New Forest Heart Police posted an image on its Facebook page on Monday that showed the car covered in water.
The force said the man had been taking an evening drive around the New Forest on 2 February before trying to complete a turn in the road.
However, he accidentally reversed down a boat launch and plunged his vehicle into the water.
Local residents who were nearby managed to lift the man from the water.
He was taken to hospital and later diagnosed with vascular dementia. Caused by reduced blood flow to the brain, it can cause slowness of thought and leave sufferers disorientated or confused.
The man has since surrendered his driving licence.
The New Forest Heart Cops Facebook account said: "We're urging older drivers to take advantage of the help available to them so that they can stay safe on the road for longer, after a pensioner had a lucky escape."
Sergeant Nick Tucker said: “We all grow older, and our eyesight and some of our abilities diminish over the course of time.

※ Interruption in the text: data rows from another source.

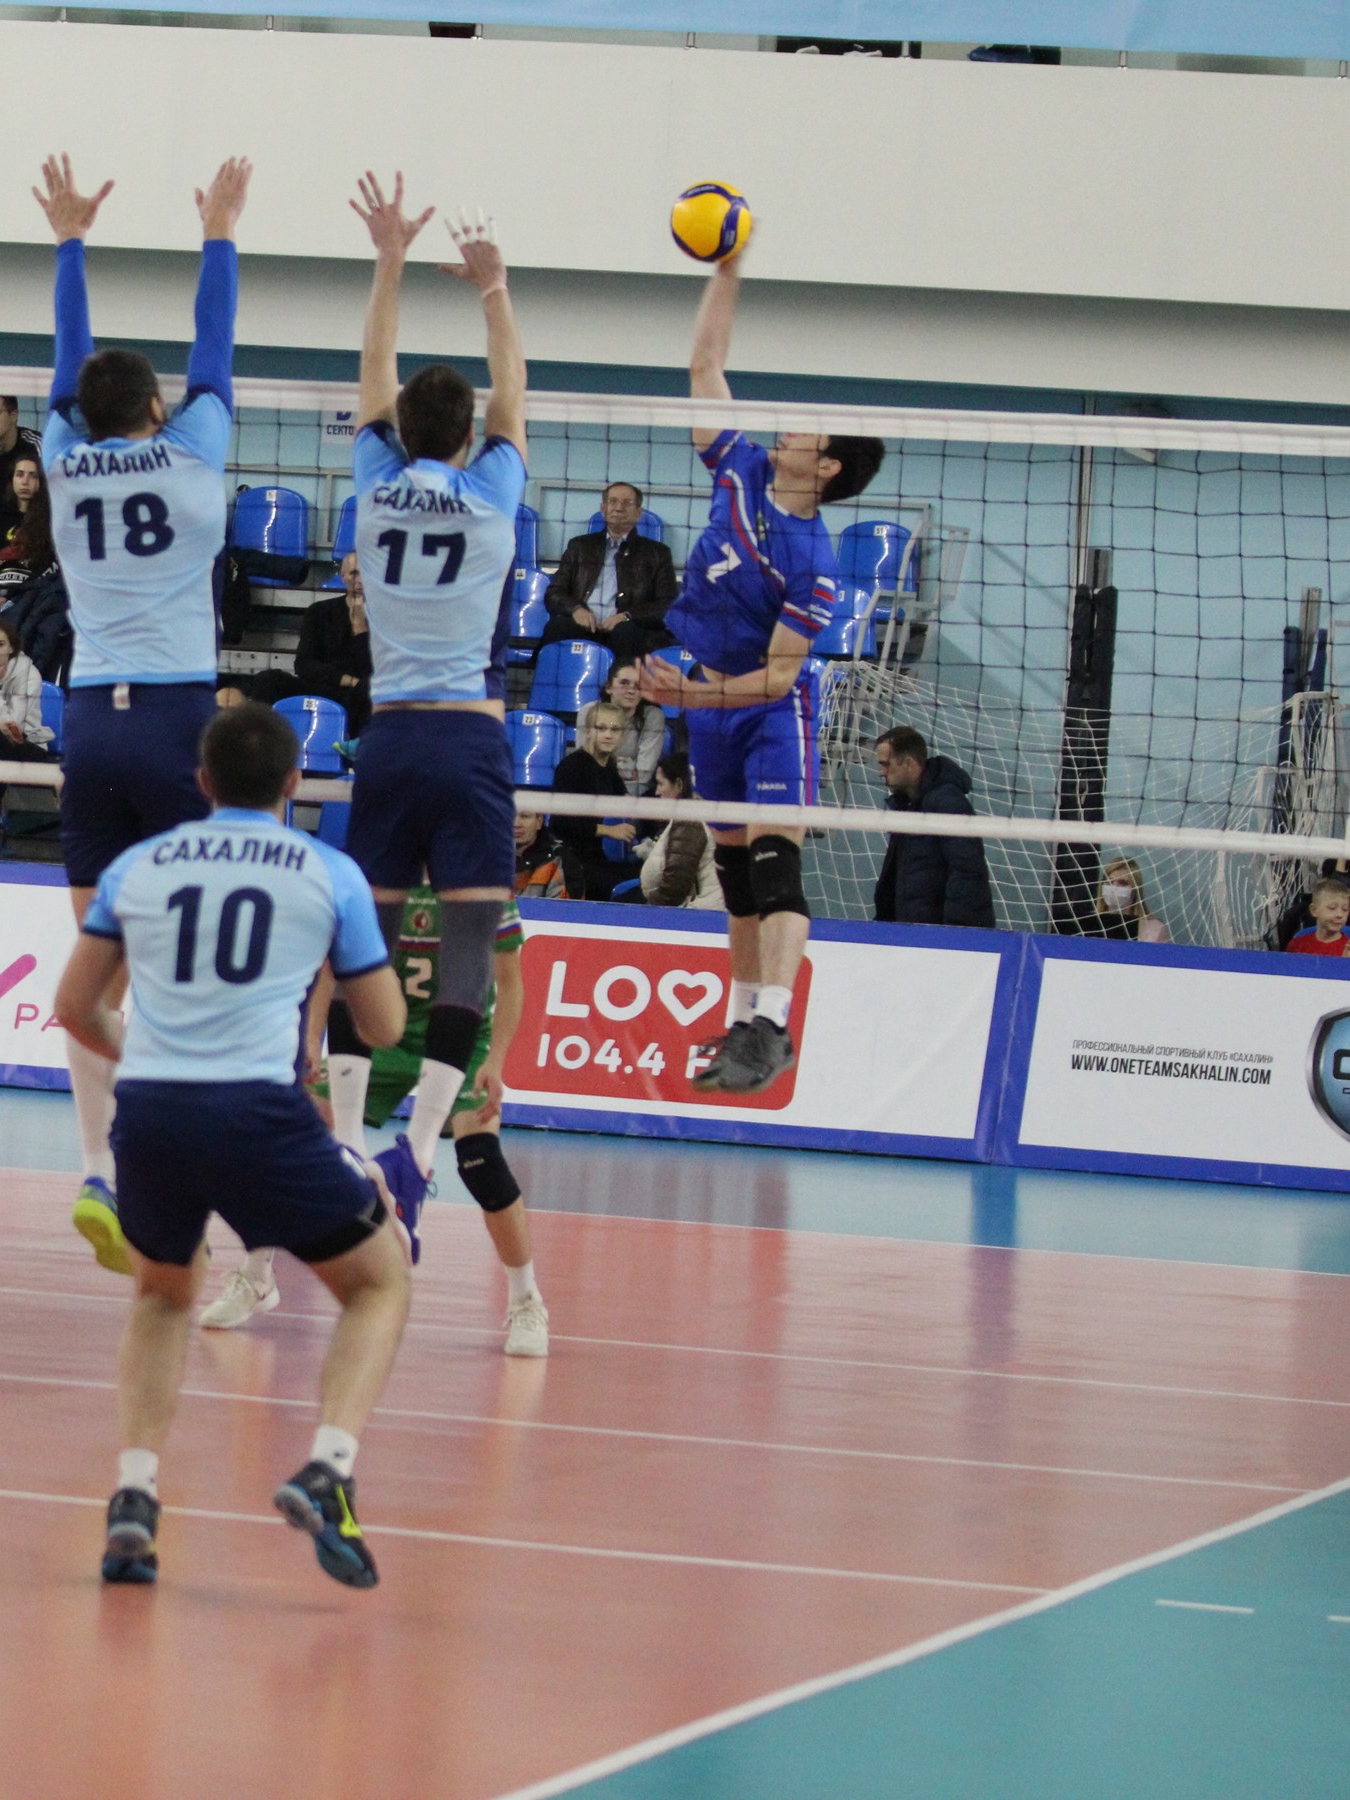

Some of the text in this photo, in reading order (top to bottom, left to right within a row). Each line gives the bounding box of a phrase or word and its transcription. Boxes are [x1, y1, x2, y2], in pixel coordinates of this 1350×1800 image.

[326, 424, 355, 436] СЕКТО
[62, 444, 172, 478] САХАЛИН
[75, 491, 175, 560] 18
[378, 528, 467, 585] 17
[153, 838, 307, 871] САХАЛИН
[167, 885, 275, 985] 10
[405, 957, 433, 999] 2
[537, 1033, 717, 1079] 104.4 F
[1072, 1039, 1154, 1055] ПРОФЕССИОНАЛЬНЫЙ
[1155, 1045, 1206, 1059] СПОРТИВНЫЙ
[1207, 1050, 1228, 1061] КЛУБ
[1071, 1054, 1272, 1085] WWW.ONETEAMSAKHALIN.COM

We do not always know, notice or realise that this is happening to us over the years.
"If you have an older relative or friend who drives, speak to them about their driving and how they feel about it.
"Remind and encourage them to have their eyesight routinely checked and if they have any concerns about their health, have them speak to their GP about driving.

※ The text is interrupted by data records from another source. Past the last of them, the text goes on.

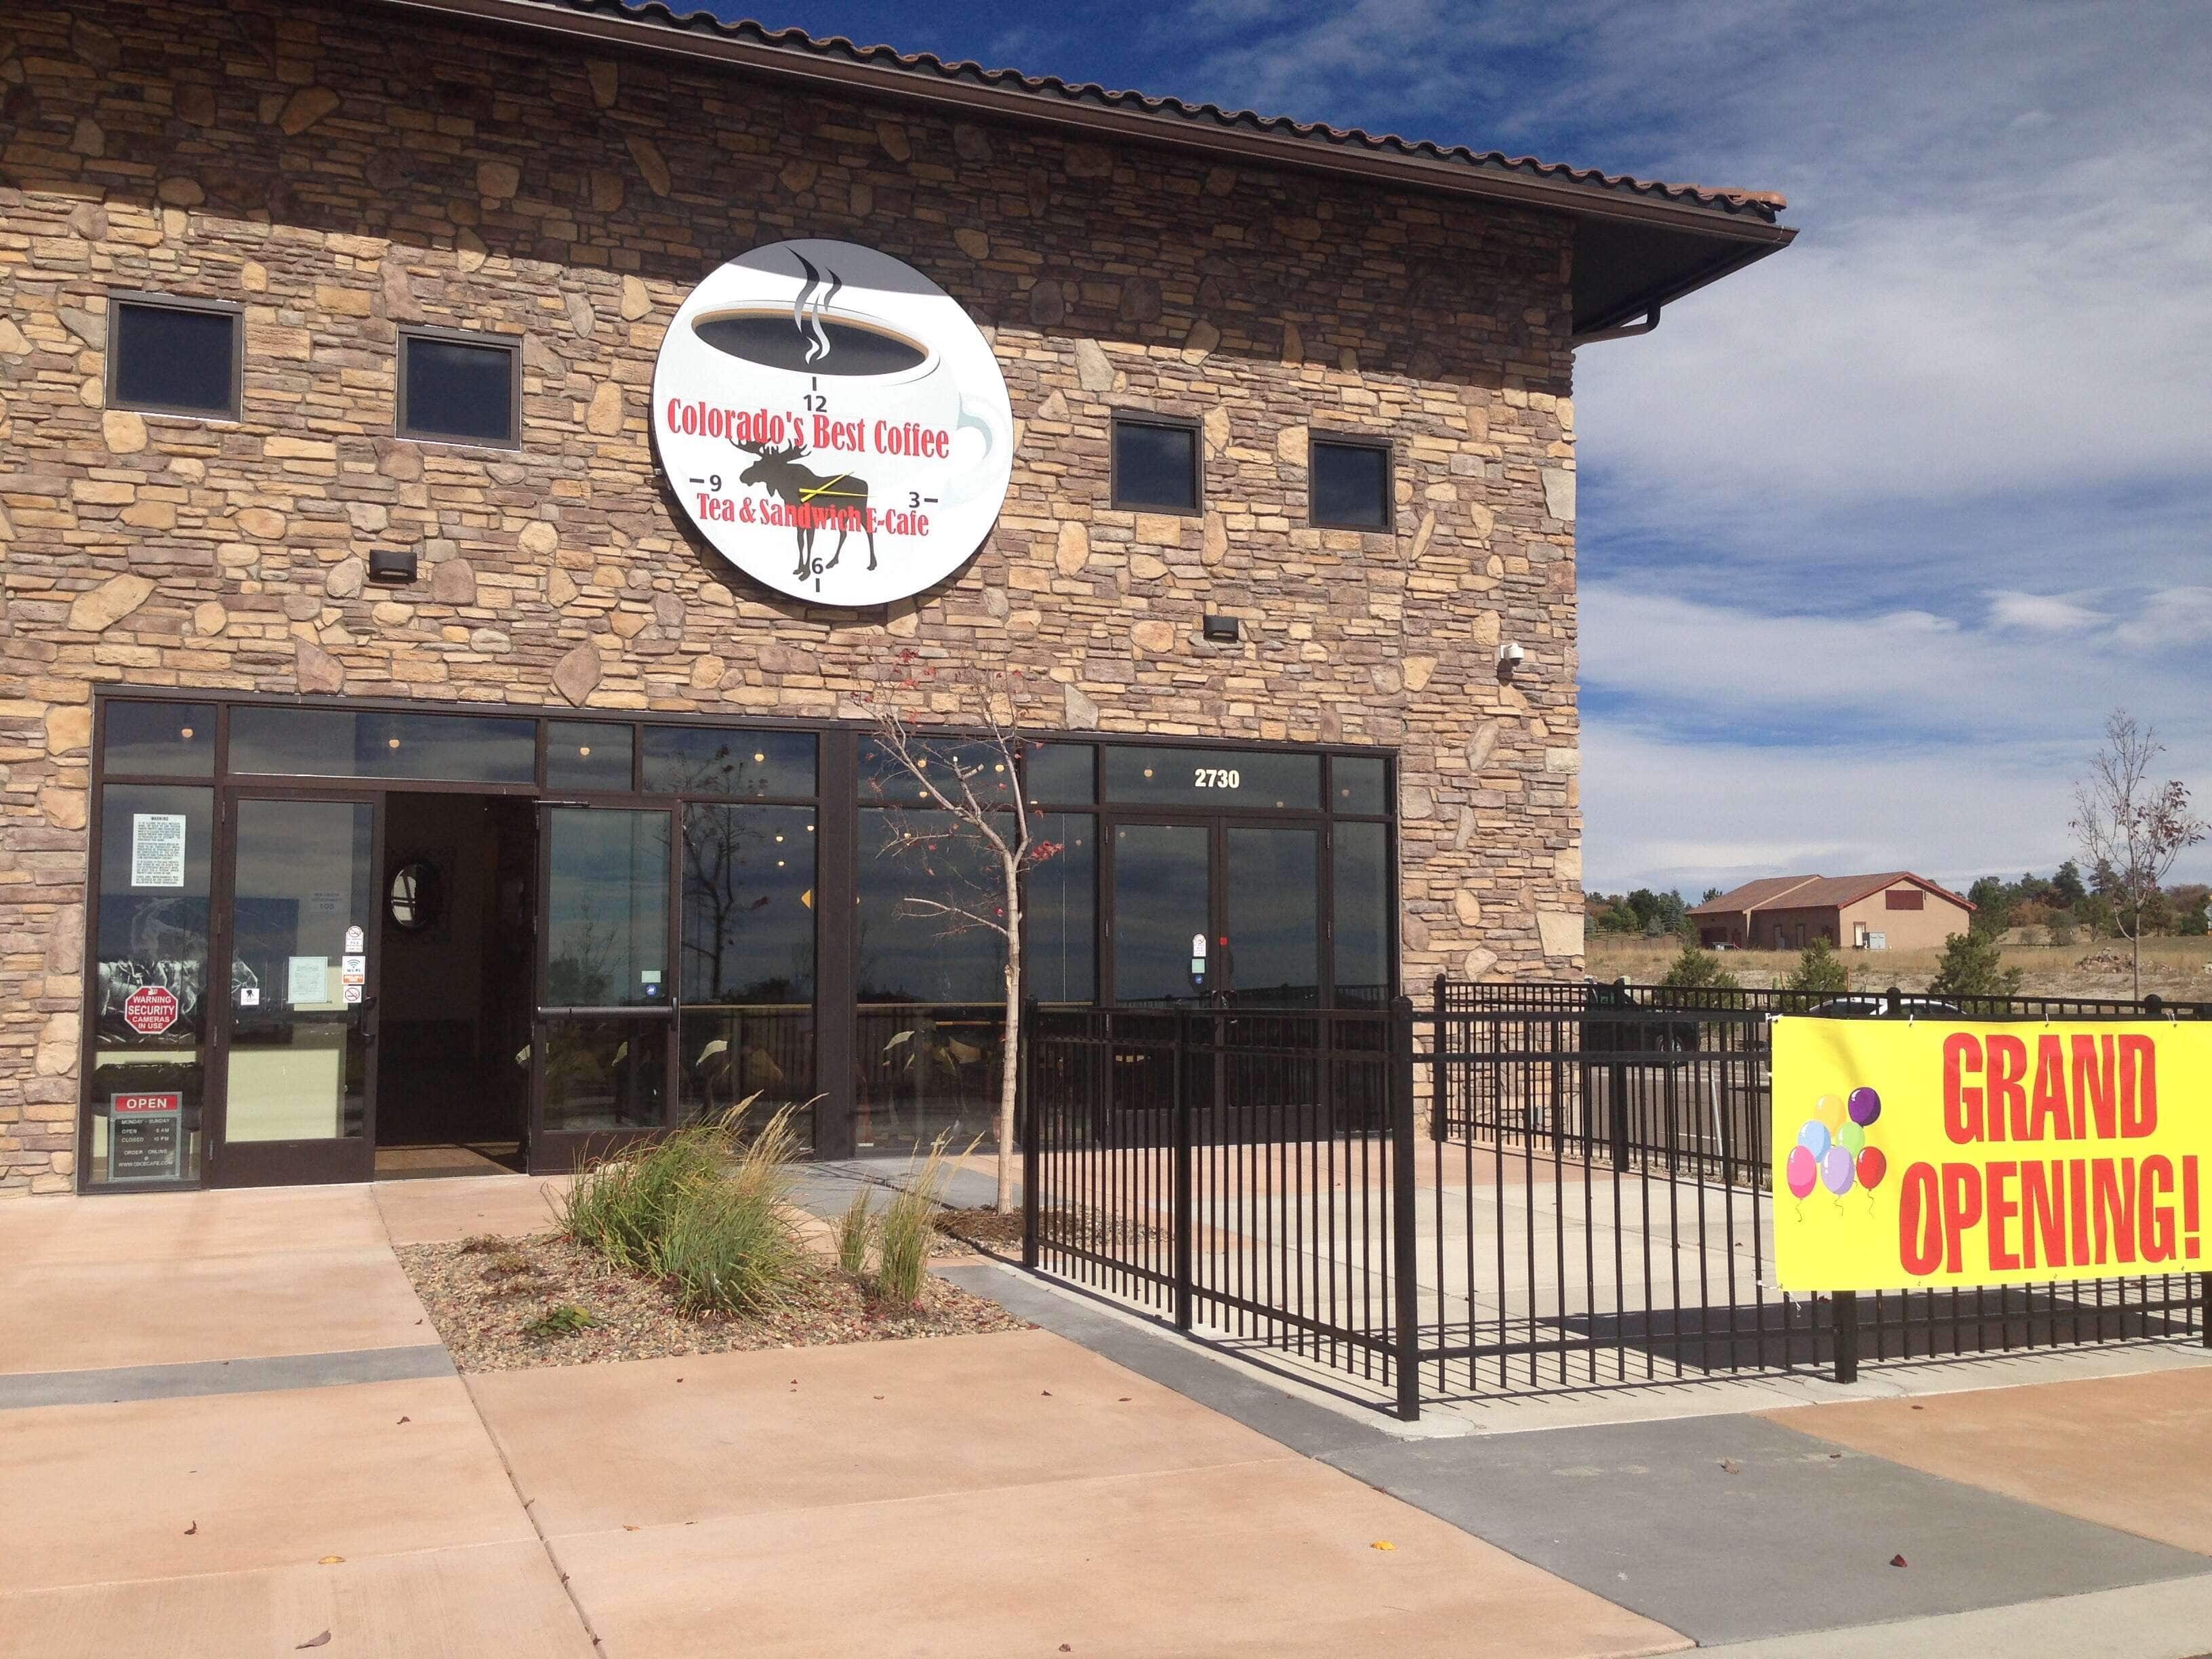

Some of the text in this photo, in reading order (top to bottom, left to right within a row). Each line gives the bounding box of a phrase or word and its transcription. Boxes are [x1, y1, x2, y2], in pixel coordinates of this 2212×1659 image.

[803, 394, 827, 413] 12
[668, 398, 949, 459] Colorado's Best Coffee
[710, 474, 722, 492] 9
[909, 491, 920, 508] 3
[697, 493, 929, 536] Tea & Sandwich E-Cafe
[812, 558, 823, 575] 6
[1194, 769, 1240, 788] 2730
[133, 996, 171, 1004] WARNING
[128, 1005, 175, 1015] SECURITY
[1942, 1032, 2158, 1145] GRAND
[127, 1099, 167, 1109] OPEN
[1899, 1154, 2200, 1276] OPENING!

"With the support of this driver and his family we wanted to highlight this incident to show the real life implications of growing older and driving.
"He surrendered his driving licence with dignity. It is lucky that he did not lose his life that evening."
Sergeant Dave Hazlett said: “The key message is about not becoming complacent about our driving. We know that many older drivers have a wealth of experience, however, as we get older our sight, hearing, reaction times and judgement of speed and distance may not be as sharp as it once was.
“Our advice is don’t wait until you have a near miss, or worse, an accident to convince you to review your driving ability or to stop driving. Instead take preventative measures by planning ahead and seeking advice and support early."